*DIRECTIONS FOR THIS TASK:* Reproduce the entries verbatim; no pictures.

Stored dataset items
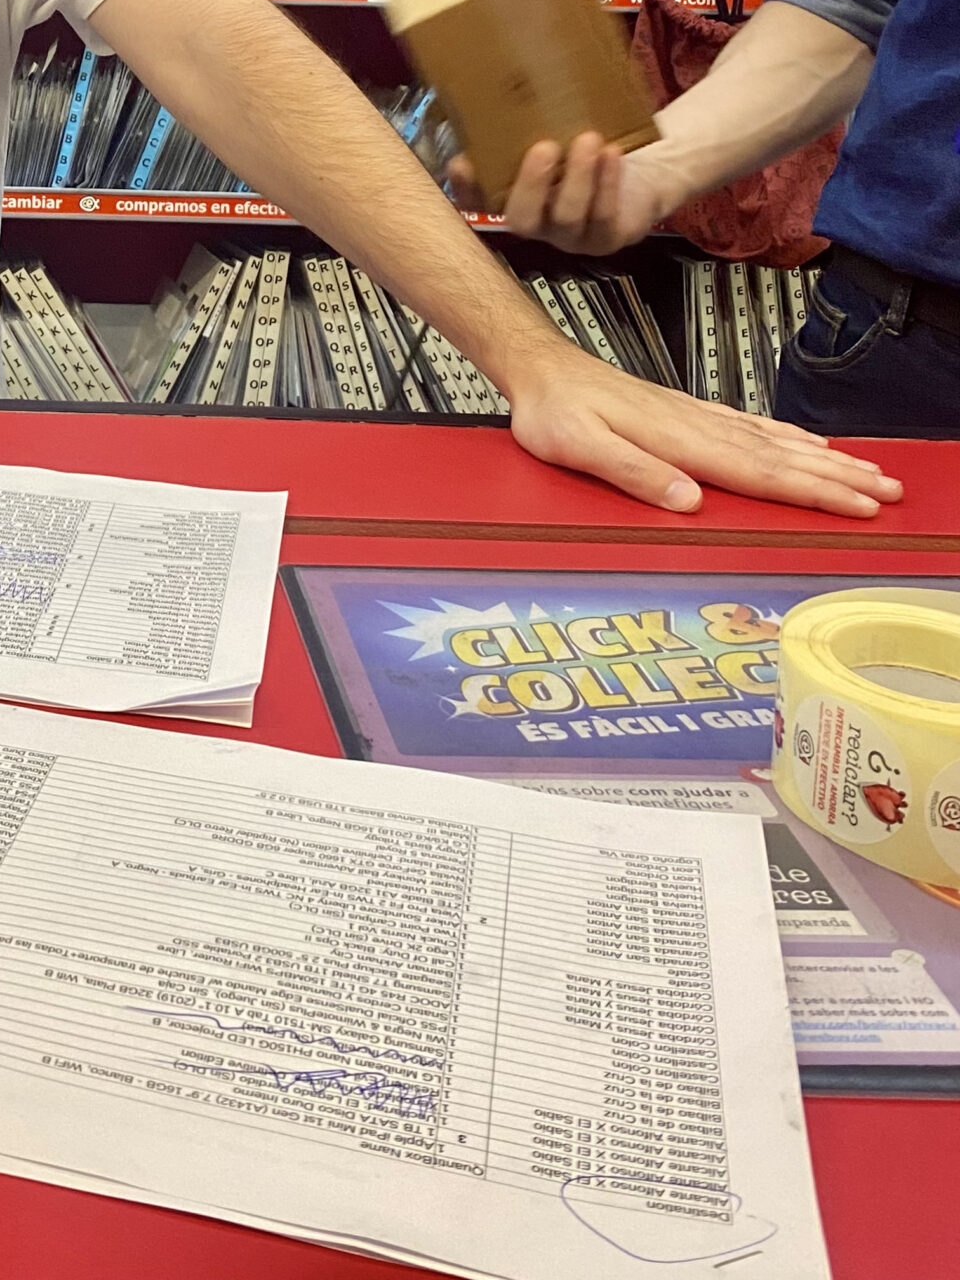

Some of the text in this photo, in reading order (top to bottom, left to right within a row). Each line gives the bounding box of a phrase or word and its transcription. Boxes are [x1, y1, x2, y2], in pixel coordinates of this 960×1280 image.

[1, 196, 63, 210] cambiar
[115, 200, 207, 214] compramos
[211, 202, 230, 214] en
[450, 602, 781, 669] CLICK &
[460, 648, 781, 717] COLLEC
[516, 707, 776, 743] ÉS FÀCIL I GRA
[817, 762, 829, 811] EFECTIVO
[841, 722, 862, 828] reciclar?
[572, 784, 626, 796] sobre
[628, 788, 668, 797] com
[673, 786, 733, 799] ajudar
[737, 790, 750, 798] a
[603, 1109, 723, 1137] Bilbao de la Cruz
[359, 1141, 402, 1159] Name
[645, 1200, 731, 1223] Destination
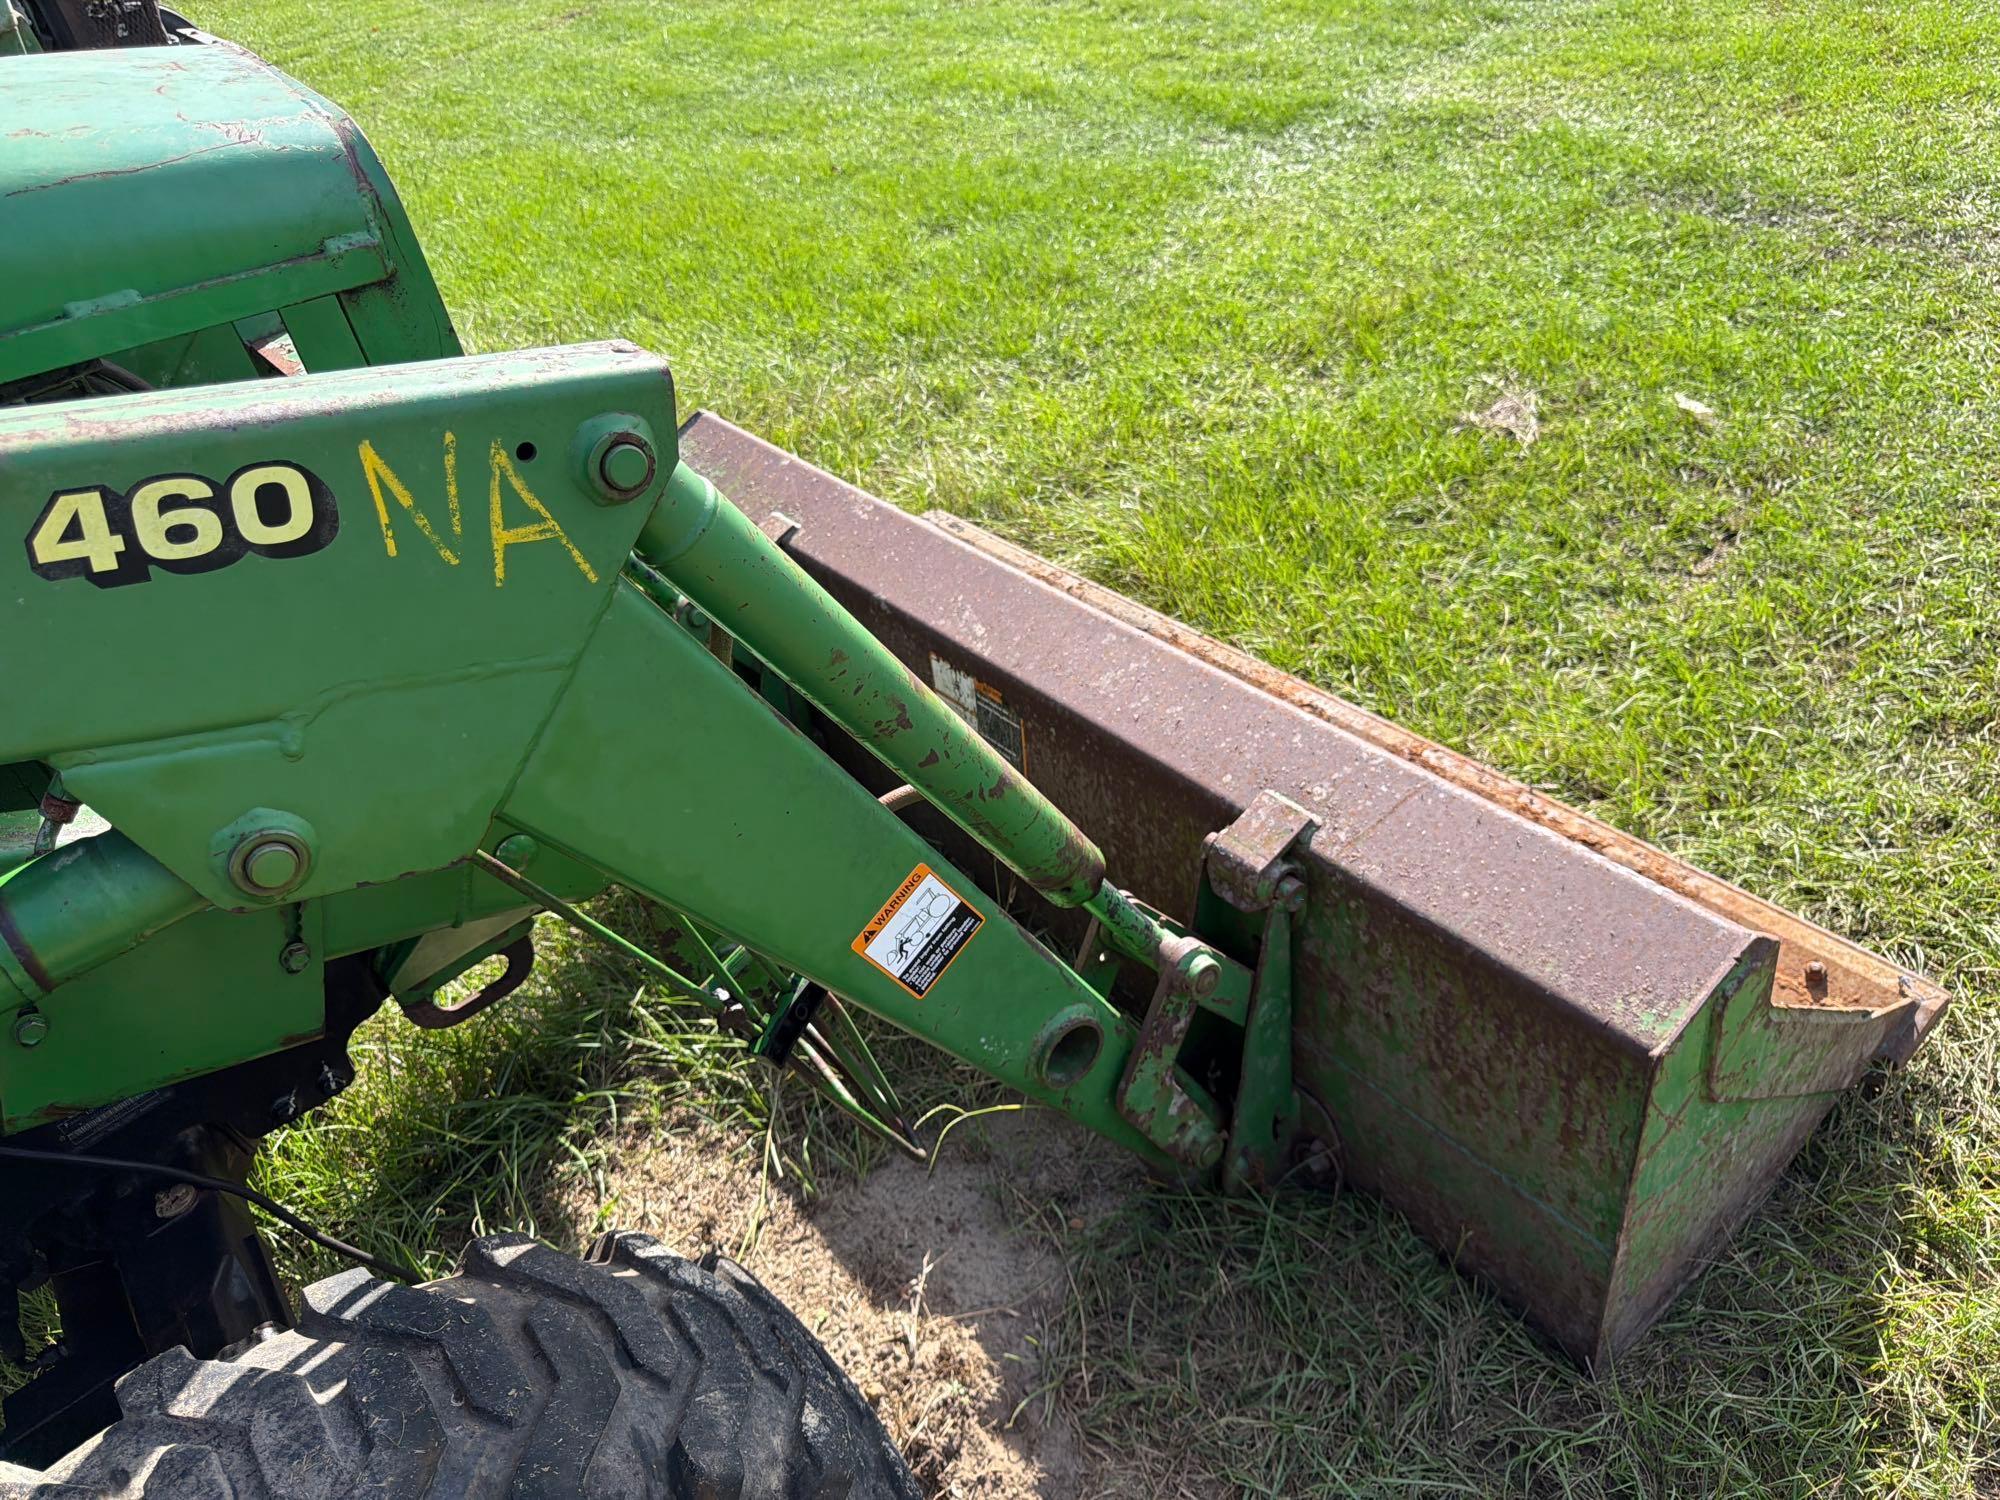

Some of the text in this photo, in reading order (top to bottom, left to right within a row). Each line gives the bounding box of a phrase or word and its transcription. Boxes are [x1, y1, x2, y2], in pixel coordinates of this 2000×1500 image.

*ANSWER SECTION:*
Some of the text in this photo, in reading order (top to bottom, left to right within a row). Each line gives the bounding box of a phrase or word and its transcription. Boxes are [x1, y1, x2, y2], in pixel coordinates of this 960×1280 image.

[1, 196, 63, 210] cambiar
[115, 200, 207, 214] compramos
[211, 202, 230, 214] en
[450, 602, 781, 669] CLICK &
[460, 648, 781, 717] COLLEC
[516, 707, 776, 743] ÉS FÀCIL I GRA
[817, 762, 829, 811] EFECTIVO
[841, 722, 862, 828] reciclar?
[572, 784, 626, 796] sobre
[628, 788, 668, 797] com
[673, 786, 733, 799] ajudar
[737, 790, 750, 798] a
[603, 1109, 723, 1137] Bilbao de la Cruz
[359, 1141, 402, 1159] Name
[645, 1200, 731, 1223] Destination

Some of the text in this photo, in reading order (top to bottom, left to right within a row). Each line gives the bounding box of a phrase or word and its transcription. Boxes are [x1, y1, x2, y2], in pixel coordinates of this 2000×1500 image.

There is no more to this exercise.